Just to put things in perspective, after I graduated from Weequahic High School and before going to Seton Hall University, I had a part-time job working for a butcher. I was the delivery guy and occasionally had to go to the slaughterhouse to pick up products for the store. Needless to say, I had no consciousness nor awareness, as change never came then despite the horrors I witnessed on an almost daily basis.

After graduating with a degree in accounting from Seton Hall, I eventually got married and moved to a town called Livingston. Livingston was basically a yuppie community where everyone was judged by the neighborhood they lived in and their income. To say it was a “plastic” community would be an understatement.

Livingston and the shallowness finally got to me. I told my wife I was fed up and wanted to move. She made it clear she had to be near her friends and New York City. I finally got my act together and split for Colorado.

I was living with a lady in Aspen at the end of 1974, when one day she said, ” let’s become vegetarians”. I have no idea what possessed me to say it, but I said, “okay”! At that point I went to the freezer and took out about $100 worth of frozen, dead body parts and gave them to a welfare mother who lived behind us. Well, everything was great for about a week or so, and then the chick split with another guy.

So here I was, a vegetarian for a couple weeks, not really knowing what to do, how to cook, or basically how to prepare anything. For about a month, I was getting by on carrot sticks, celery sticks, and yogurt. Fortunately, when I went vegan in 1990, it was a simple and natural progression. Anyway, as I walked around Aspen town, I noticed a little vegetarian restaurant called, “The Little Kitchen”.

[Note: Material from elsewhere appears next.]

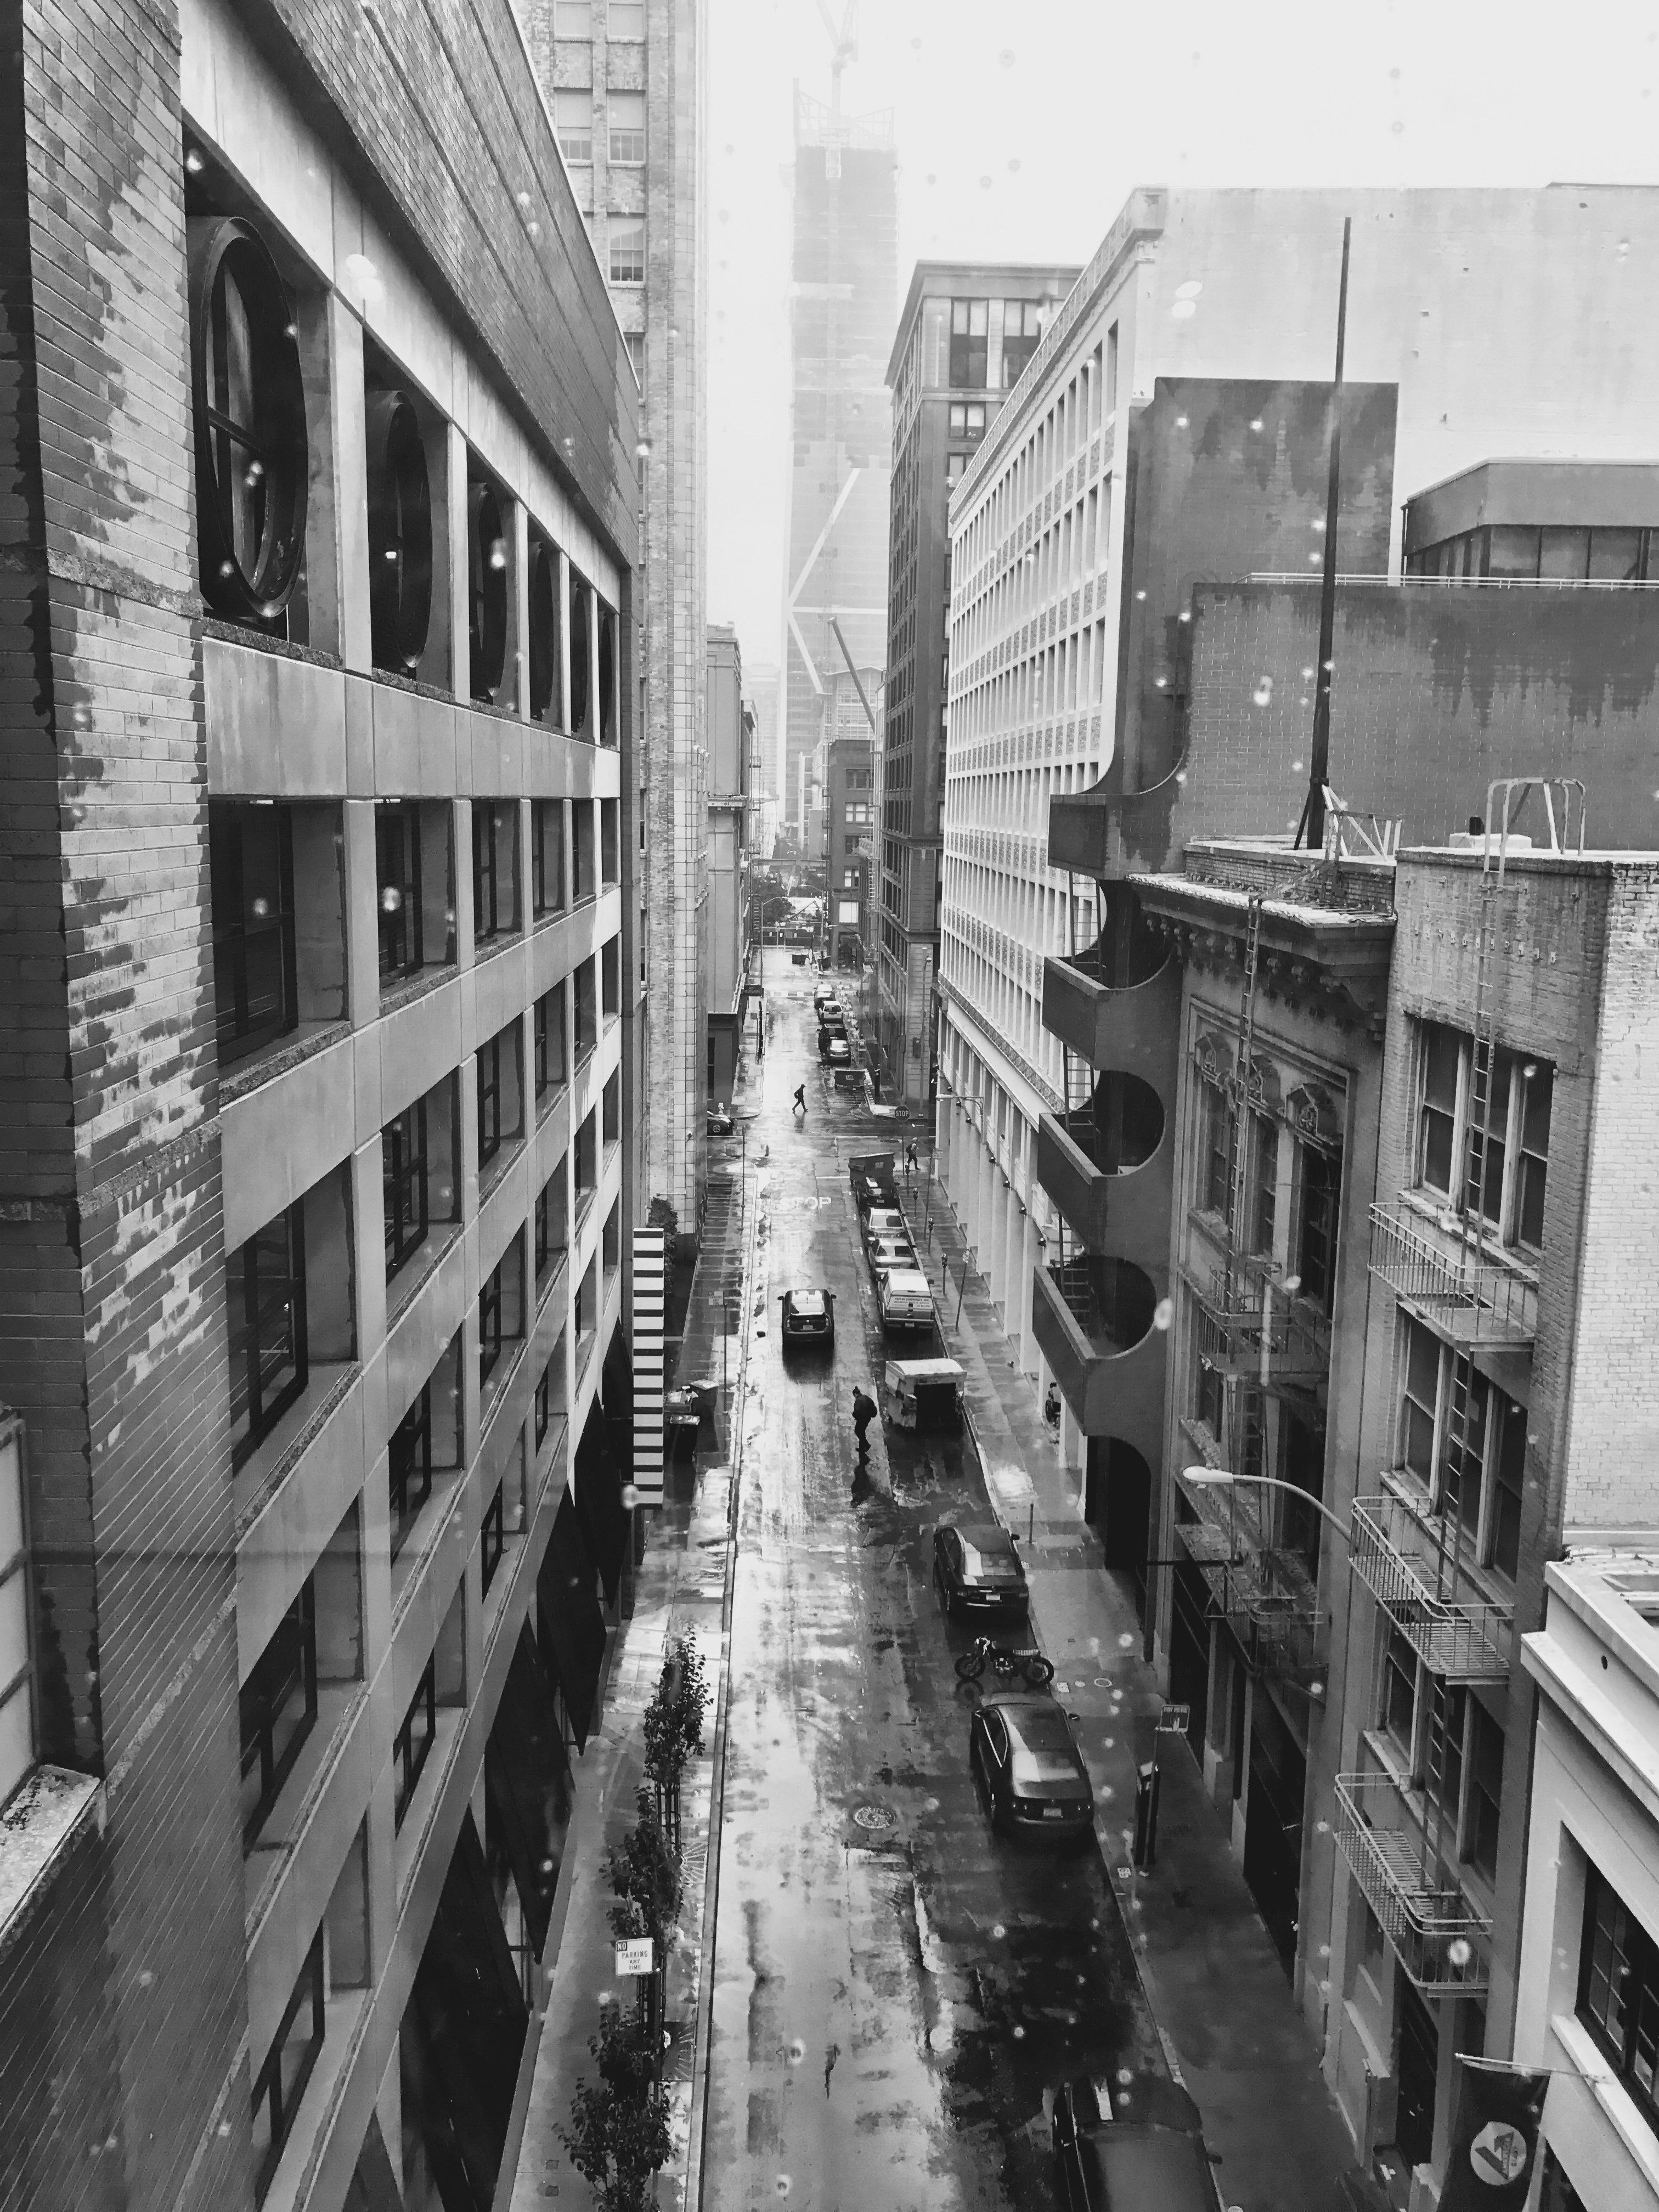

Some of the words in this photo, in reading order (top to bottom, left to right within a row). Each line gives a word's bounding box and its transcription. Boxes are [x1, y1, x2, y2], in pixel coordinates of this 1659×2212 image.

[778, 1195, 832, 1210] STOP
[617, 1942, 627, 1950] NO
[622, 1950, 648, 1959] PARKING

Let me back up just a little bit. It was April of 1975, the snow was melting and the runoff of Ajax Mountain filled the streets full of knee-deep mud. Now, Aspen was great to ski in, but was a bummer to walk in when the snow was melting.

I was ready to call it quits and I needed a warmer place. I’ll elaborate on that in a minute.

But right now, back to “The Little Kitchen”. Knowing that I was going to leave Aspen and basically a new vegetarian, I needed help. So, I cruised into the restaurant and told them my plight and asked them if they would teach me how to cook. I told them in return I would wash dishes and empty their trash. They then asked me what I did for a living and I told them I was an accountant.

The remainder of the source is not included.